▸ Your task:
What you return should be the entries, unchanged, without their pictures.
══ Supplied entries ══
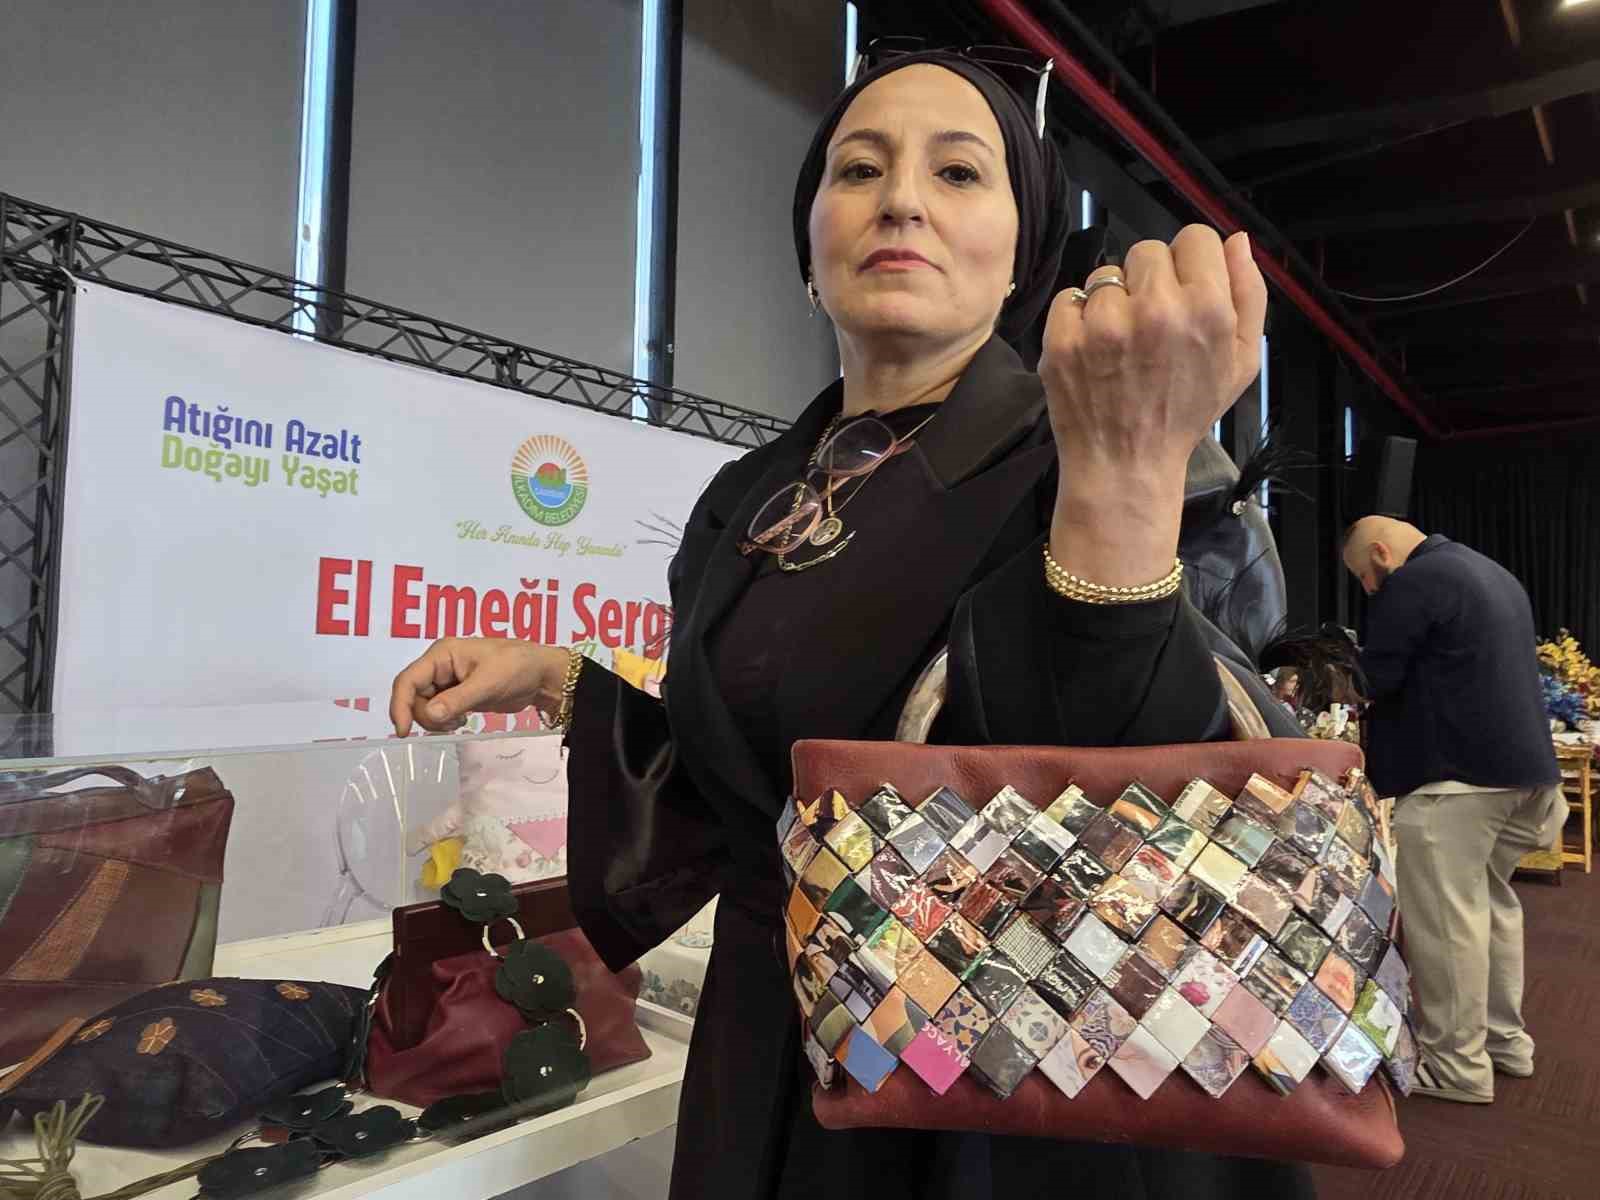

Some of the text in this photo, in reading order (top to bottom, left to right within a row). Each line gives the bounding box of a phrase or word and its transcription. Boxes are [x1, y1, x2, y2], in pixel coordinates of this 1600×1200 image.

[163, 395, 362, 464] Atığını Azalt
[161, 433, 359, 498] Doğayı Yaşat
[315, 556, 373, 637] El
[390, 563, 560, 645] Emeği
═══
▸ Exercise result:
Some of the text in this photo, in reading order (top to bottom, left to right within a row). Each line gives the bounding box of a phrase or word and its transcription. Boxes are [x1, y1, x2, y2], in pixel coordinates of this 1600×1200 image.

[163, 395, 362, 464] Atığını Azalt
[161, 433, 359, 498] Doğayı Yaşat
[315, 556, 373, 637] El
[390, 563, 560, 645] Emeği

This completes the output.